Spatial localization data:
= = = = =
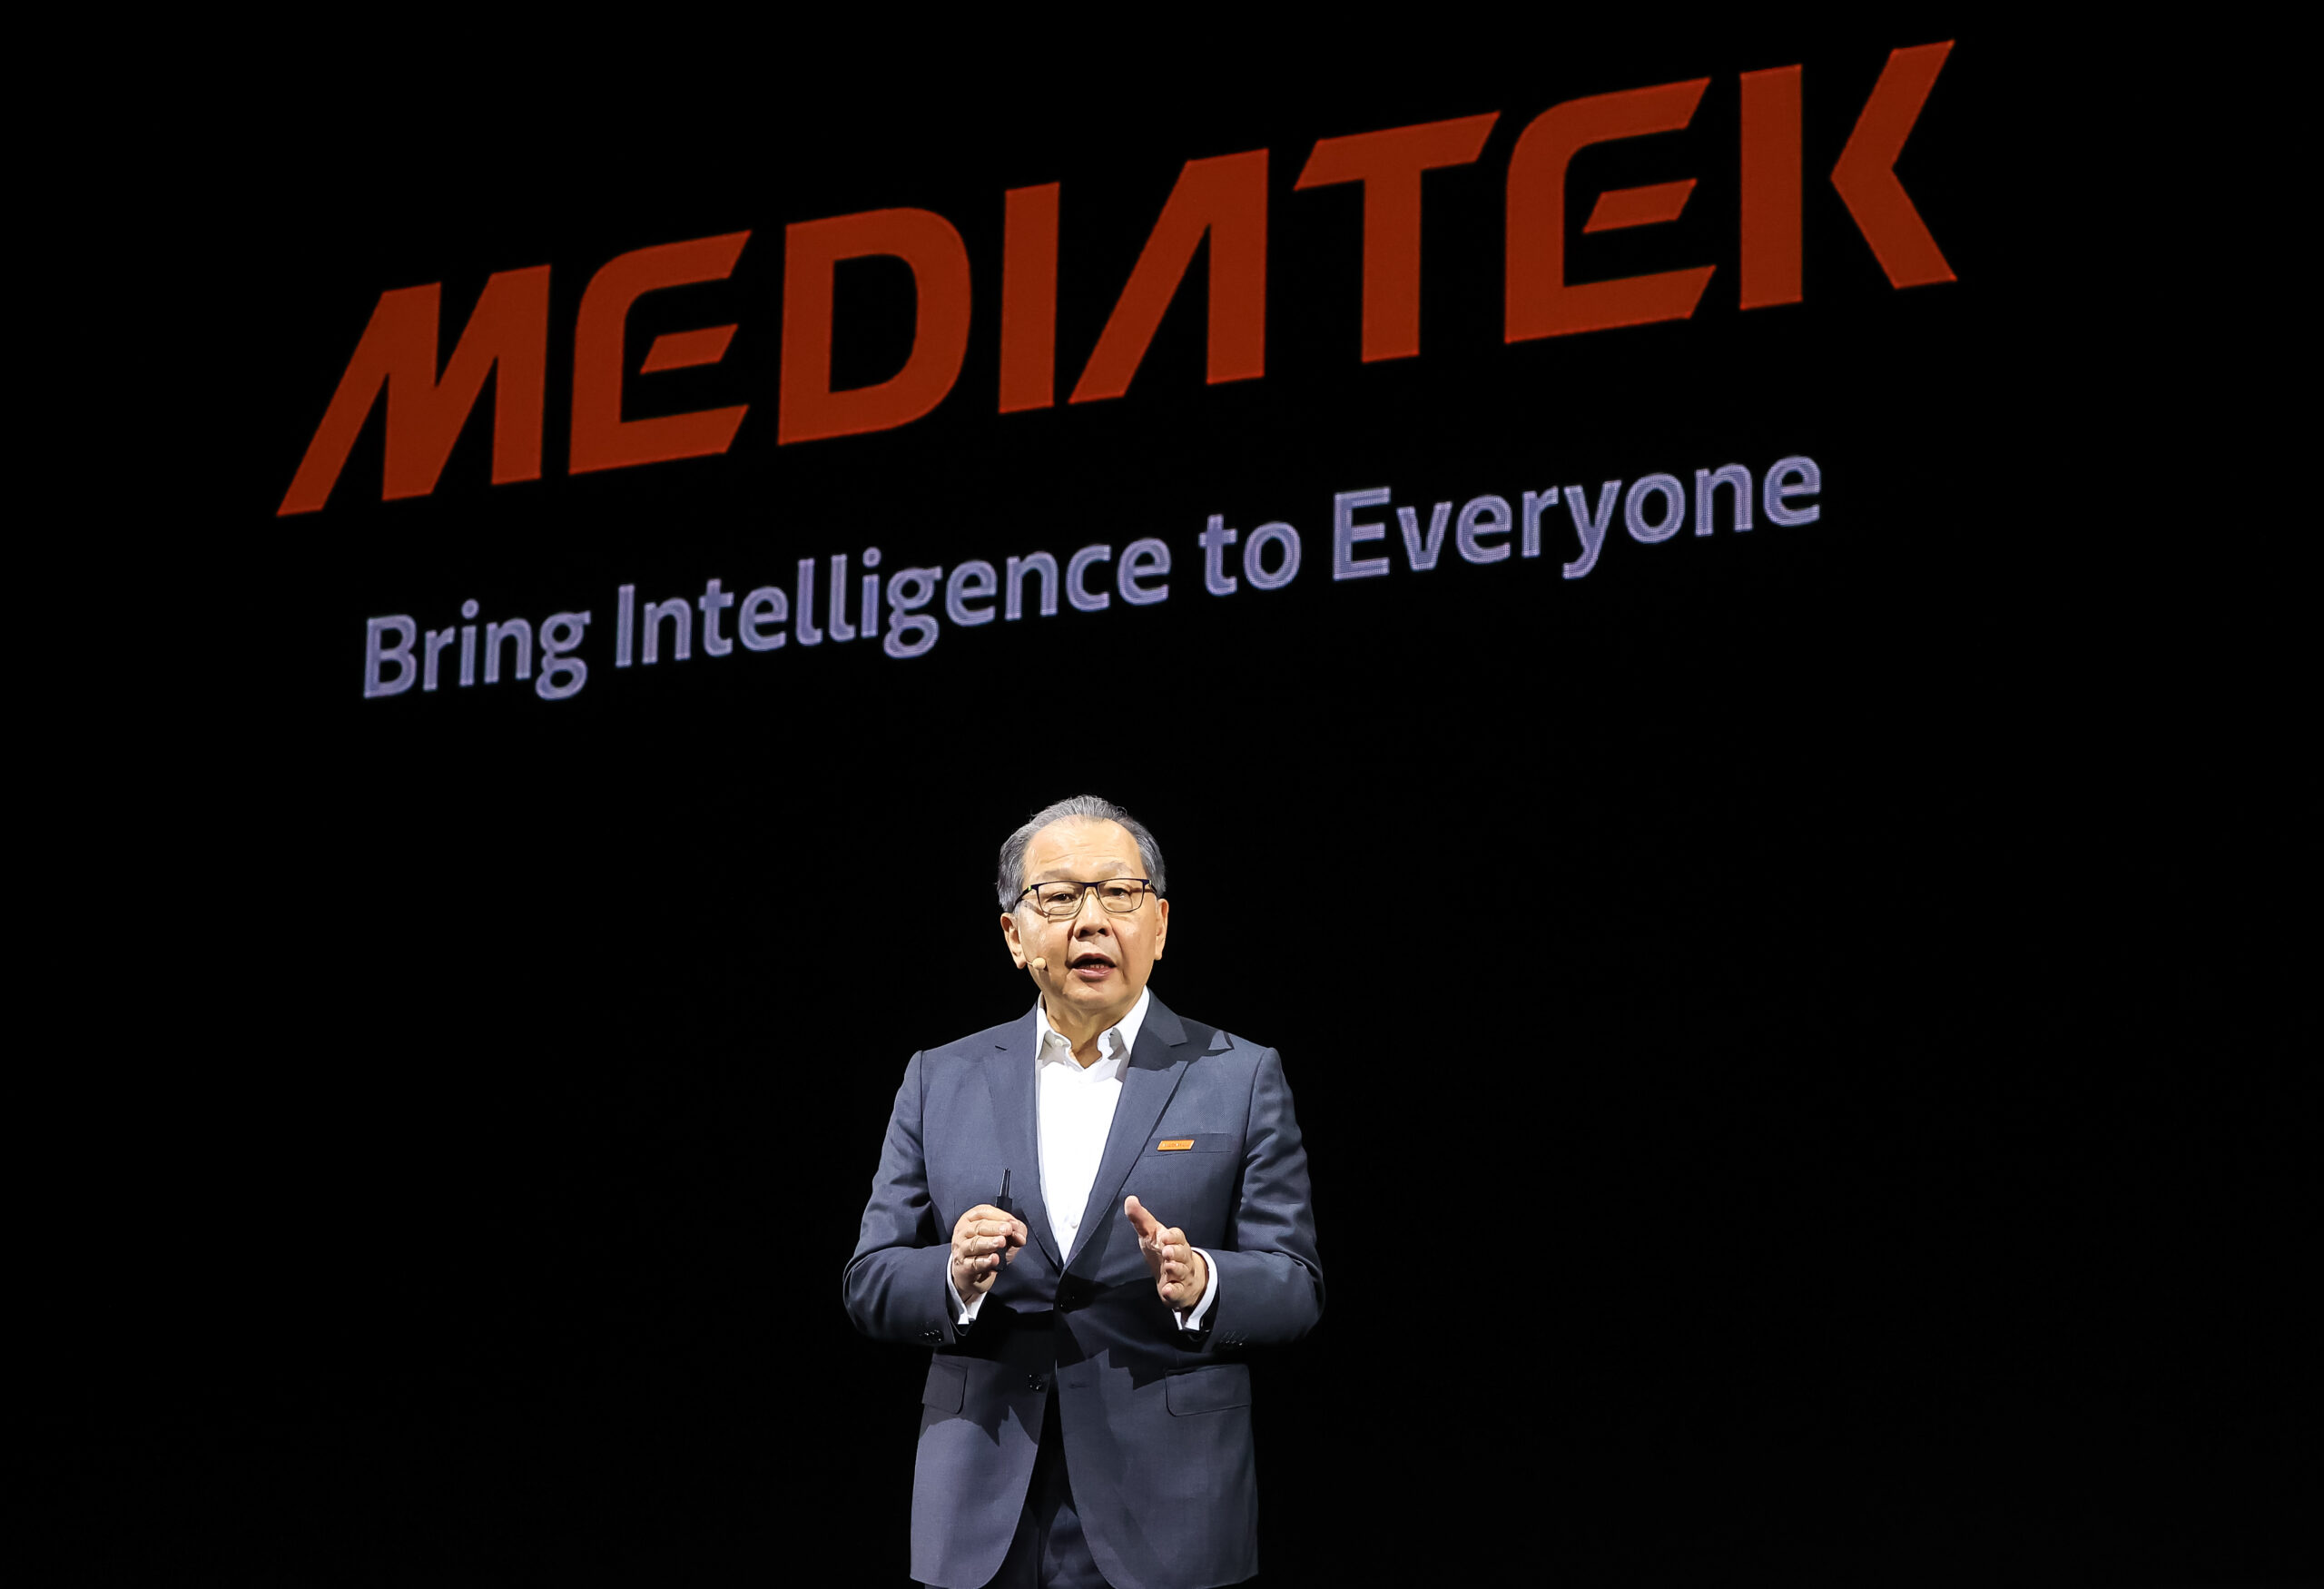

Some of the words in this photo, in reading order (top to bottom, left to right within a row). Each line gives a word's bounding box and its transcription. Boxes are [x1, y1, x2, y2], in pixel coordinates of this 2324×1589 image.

[277, 40, 1957, 517] MEDIATEK
[363, 599, 590, 700] Bring
[615, 538, 1171, 668] Intelligence
[1198, 514, 1301, 596] to
[1333, 456, 1821, 581] Everyone
= = = = =
Exercise requirements:
Print every entry exactly. Pictures are not part of the copy.

Output of the exercise:
Some of the words in this photo, in reading order (top to bottom, left to right within a row). Each line gives a word's bounding box and its transcription. Boxes are [x1, y1, x2, y2], in pixel coordinates of this 2324×1589 image.

[277, 40, 1957, 517] MEDIATEK
[363, 599, 590, 700] Bring
[615, 538, 1171, 668] Intelligence
[1198, 514, 1301, 596] to
[1333, 456, 1821, 581] Everyone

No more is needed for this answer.